[What to work on] Your answer should be the records, copied exactly, with the pictures removed.

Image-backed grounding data
>>>

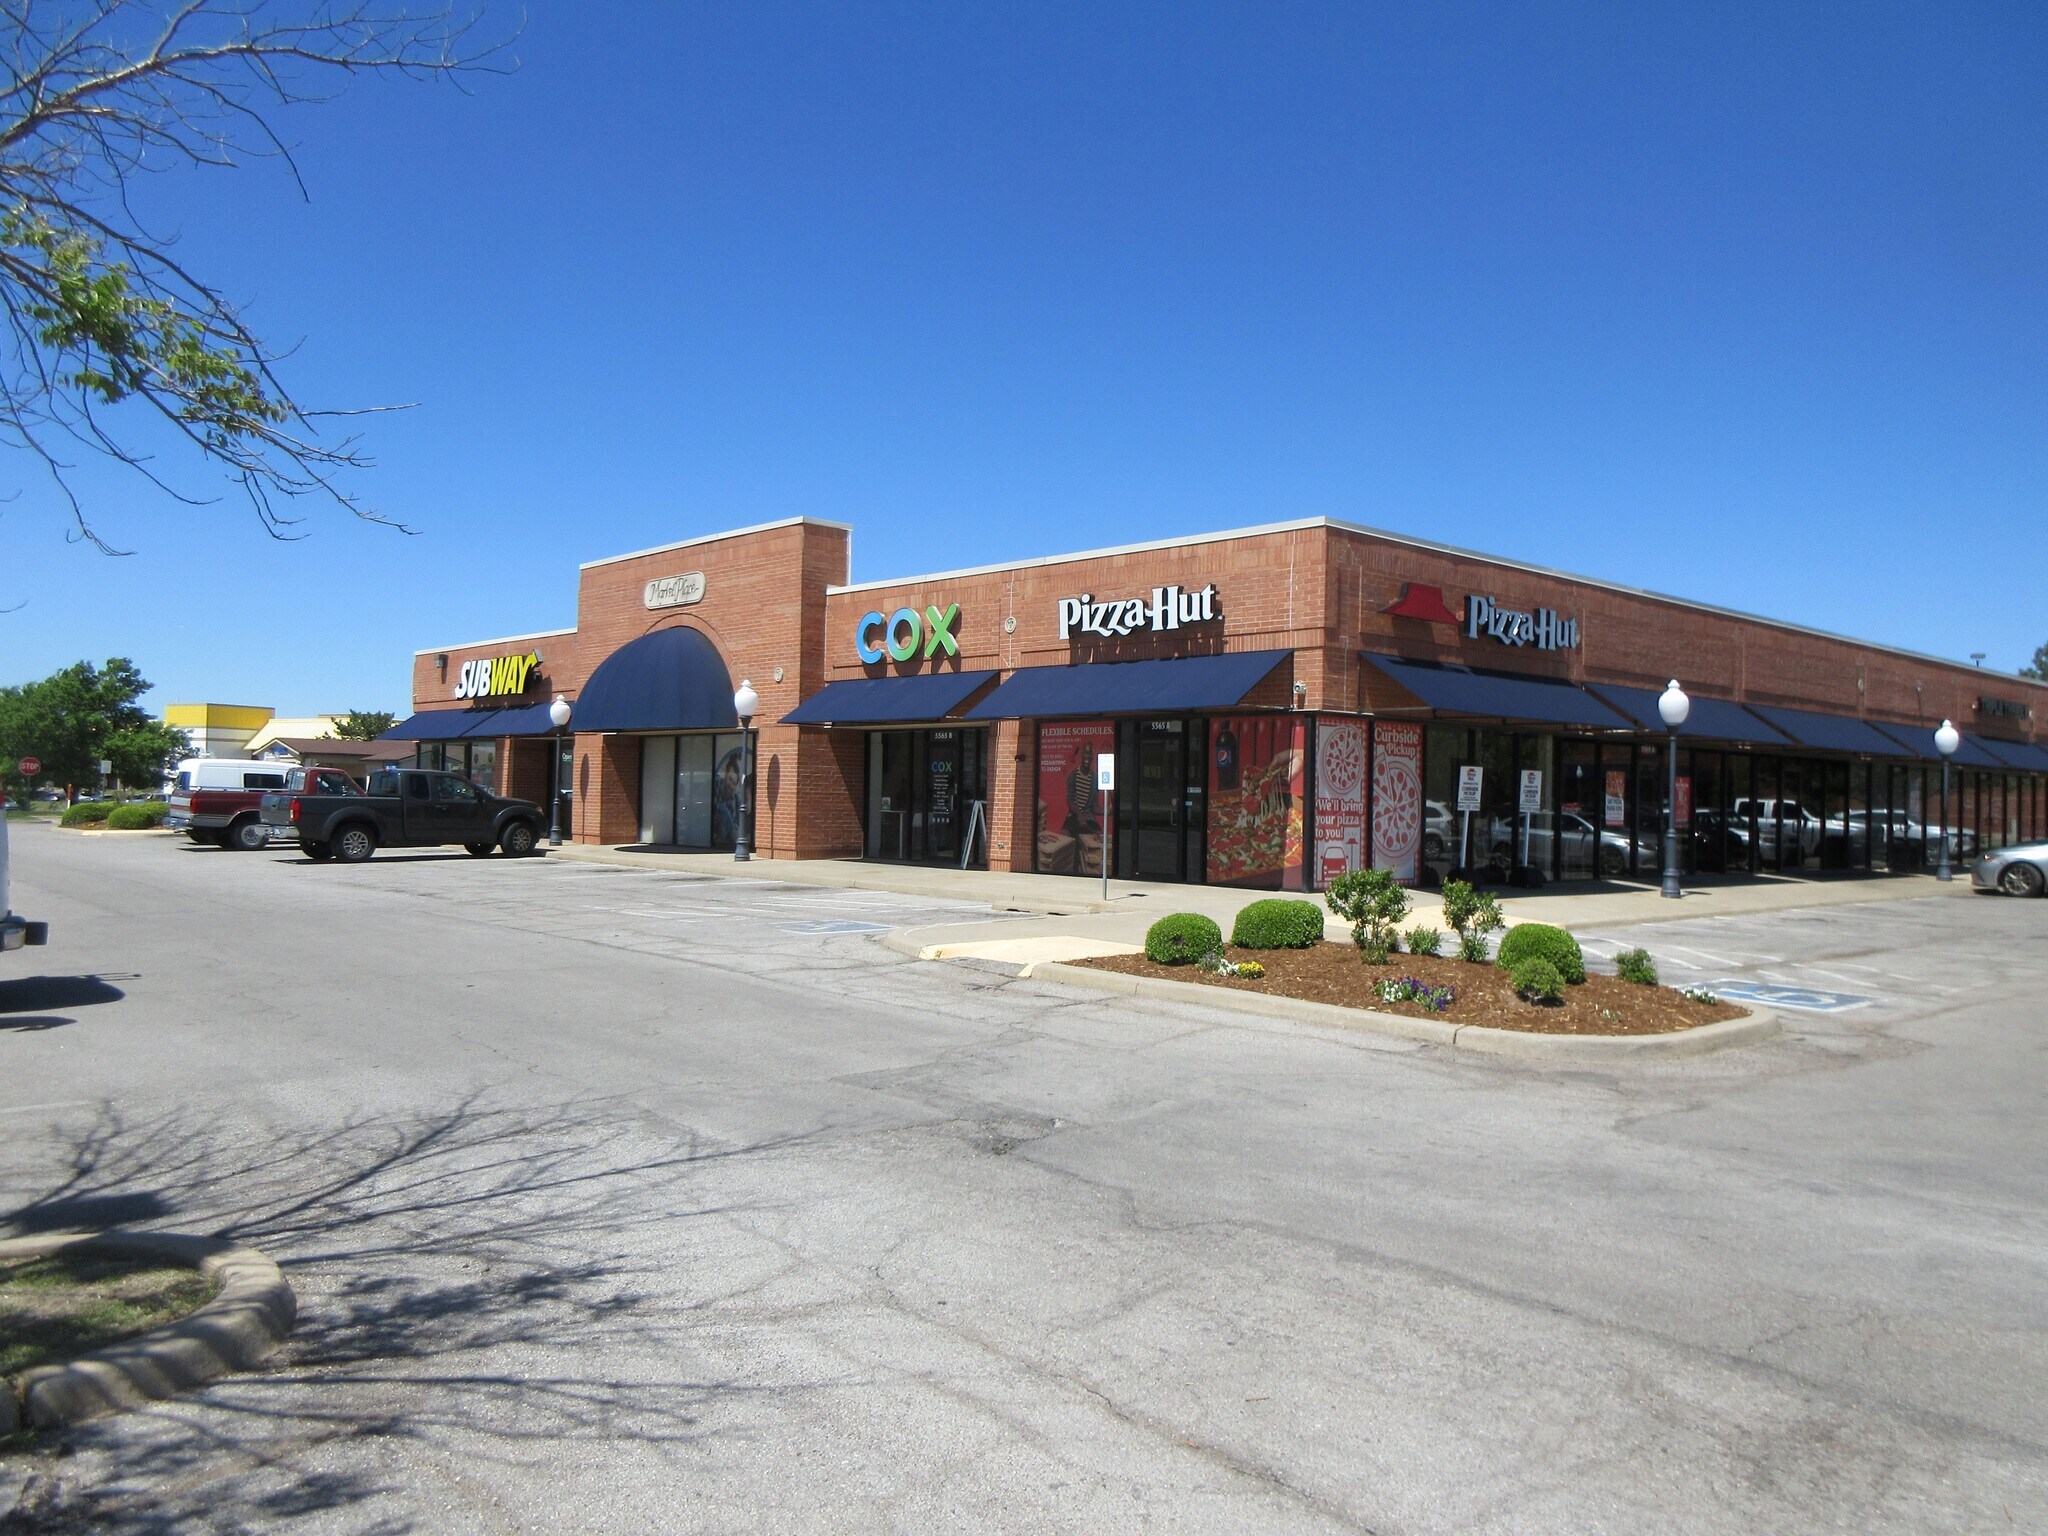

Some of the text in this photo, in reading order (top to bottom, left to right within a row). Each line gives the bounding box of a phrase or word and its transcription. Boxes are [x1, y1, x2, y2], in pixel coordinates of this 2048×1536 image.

[1058, 593, 1145, 640] Pizza
[1467, 594, 1535, 648] Pizza
[856, 602, 961, 665] COX
[455, 650, 540, 699] SUBWAY
[1041, 726, 1115, 736] FLEXIBLE SCHEDULES.
[1374, 728, 1419, 744] Curbside
[1385, 744, 1416, 759] Pickup
[931, 761, 953, 772] COX
[1315, 799, 1364, 813] We'll bring
[1315, 814, 1360, 828] your pizza
[1315, 827, 1344, 840] to you!

<<<

[Result]
Some of the text in this photo, in reading order (top to bottom, left to right within a row). Each line gives the bounding box of a phrase or word and its transcription. Boxes are [x1, y1, x2, y2], in pixel coordinates of this 2048×1536 image.

[1058, 593, 1145, 640] Pizza
[1467, 594, 1535, 648] Pizza
[856, 602, 961, 665] COX
[455, 650, 540, 699] SUBWAY
[1041, 726, 1115, 736] FLEXIBLE SCHEDULES.
[1374, 728, 1419, 744] Curbside
[1385, 744, 1416, 759] Pickup
[931, 761, 953, 772] COX
[1315, 799, 1364, 813] We'll bring
[1315, 814, 1360, 828] your pizza
[1315, 827, 1344, 840] to you!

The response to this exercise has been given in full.